Avant tout, « Fariba a le souci d’appréhender les transformations de la société iranienne ou afghane sous l’angle des pratiques, ajoute Jean-François Bayart. Elle a ainsi montré qu’un pèlerinage est non seulement une expérience religieuse, mais comporte aussi des aspects extra-confessionnels, profanes, économiques... ». Quant à ses qualités de plume, Fariba Adelkhah possède un style « extrêmement visuel, relève Agnès Devictor, maître de conférences à l’université Paris 1 et spécialiste du cinéma iranien. Son écriture alterne plans larges et gros plans. Ses observations, décrites avec une précision photographique et sans jargon, font ressentir de façon ultra-précise les enjeux économiques, politiques et sociaux d’une situation donnée ».
Prisonnière scientifique
Intervenues sur fond de vives tensions entre Téhéran et les capitales occidentales, l’arrestation et la condamnation de Fariba Adelkhah font de cette prisonnière scientifique « la victime collatérale de la décision de Donald Trump, début mai 2018, de retirer les États-Unis de l’accord de 2015 sur le programme nucléaire iranien, et des méthodes d’une fraction de l’establishment révolutionnaire de la République islamique opposée à tout rapprochement avec l’Occident et restée fidèle à son habitude de la prise d’otages, analyse Jean-François Bayart.
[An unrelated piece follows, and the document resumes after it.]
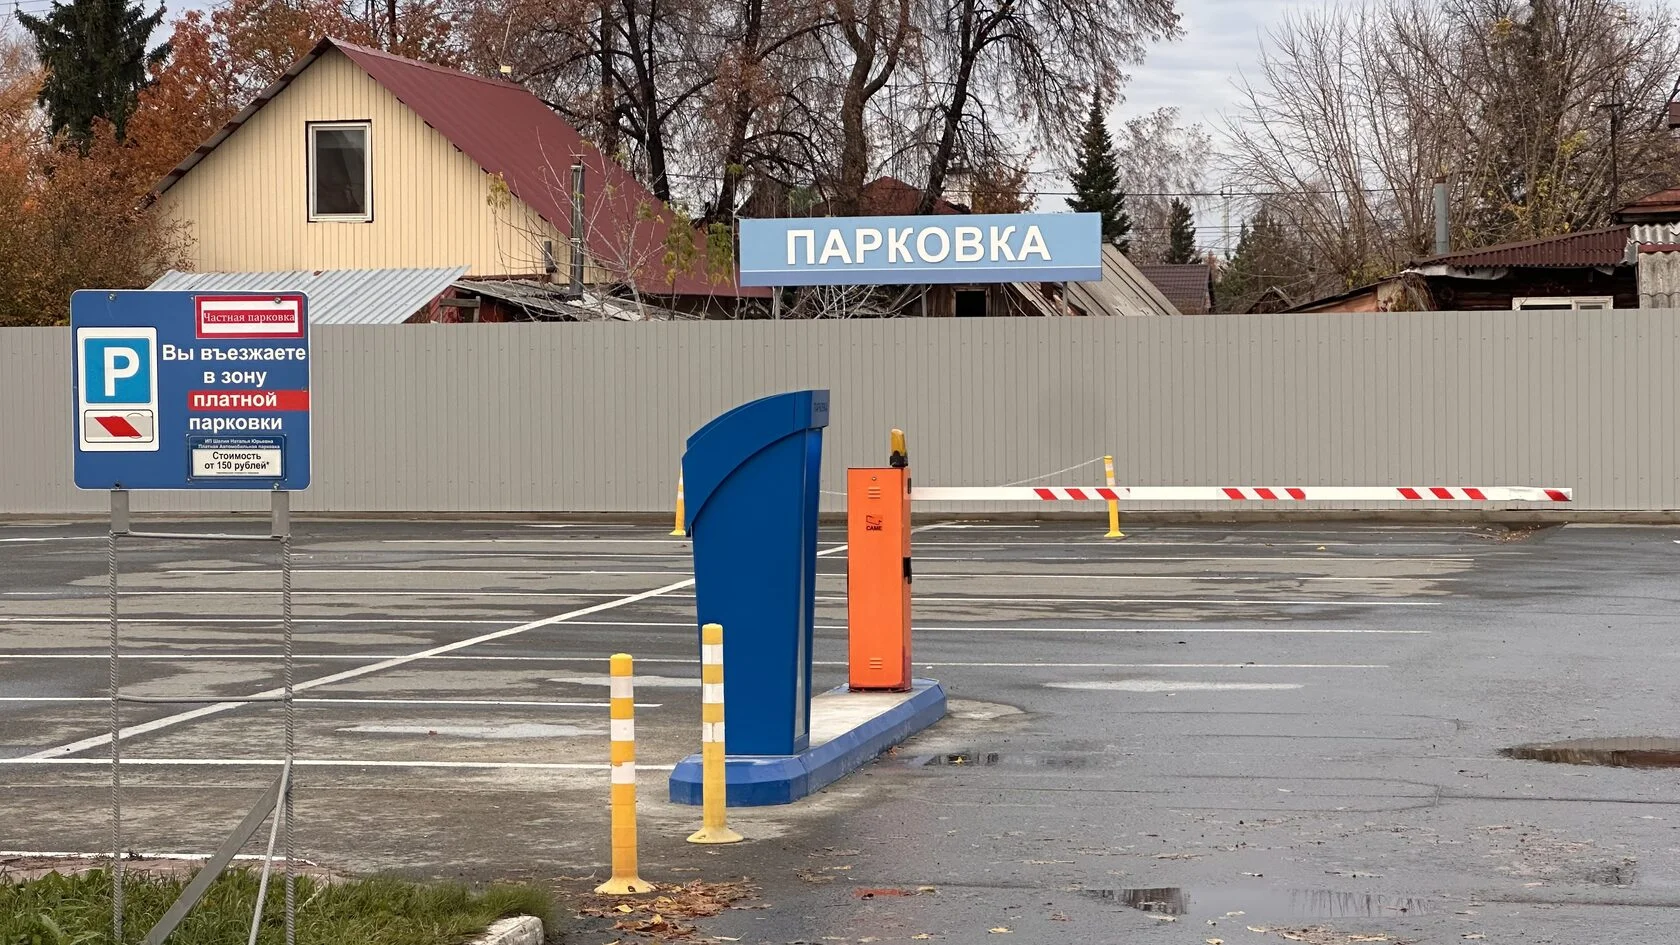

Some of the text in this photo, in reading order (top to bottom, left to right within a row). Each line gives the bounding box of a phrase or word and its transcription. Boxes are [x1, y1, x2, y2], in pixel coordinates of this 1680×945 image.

Il se peut aussi que Fariba soit impliquée à son insu dans un règlement de comptes interne au régime et qu’elle ait été arrêtée sur ordre d’acteurs du système pour en embarrasser d’autres, un "jeu" sur lequel elle n’a aucune prise ». Ou serait-ce en tant que chercheuse que certains cercles du pouvoir la jugeraient menaçante ?
Un point, du moins, est sûr : travailler en Iran est chose de moins en moins simple pour les spécialistes de sciences sociales. « L’Iran est un terrain de recherche difficile d’accès, témoigne Agnès Devictor. Il est très compliqué d’obtenir un visa et des durées de séjour suffisantes alors qu’il faut disposer de temps pour comprendre des systèmes de vie politiques, économiques, sociaux, nécessaires à toute contextualisation de la recherche, même en histoire de l’art. Travailler uniquement avec des sources de deuxième main, c’est perdre le contact avec le réel. Le terrain long est indispensable, comme le sait mieux que personne Fariba. » Laquelle n’a cessé de défendre son métier et poursuit son combat pour la liberté scientifique, même dans les pires conditions.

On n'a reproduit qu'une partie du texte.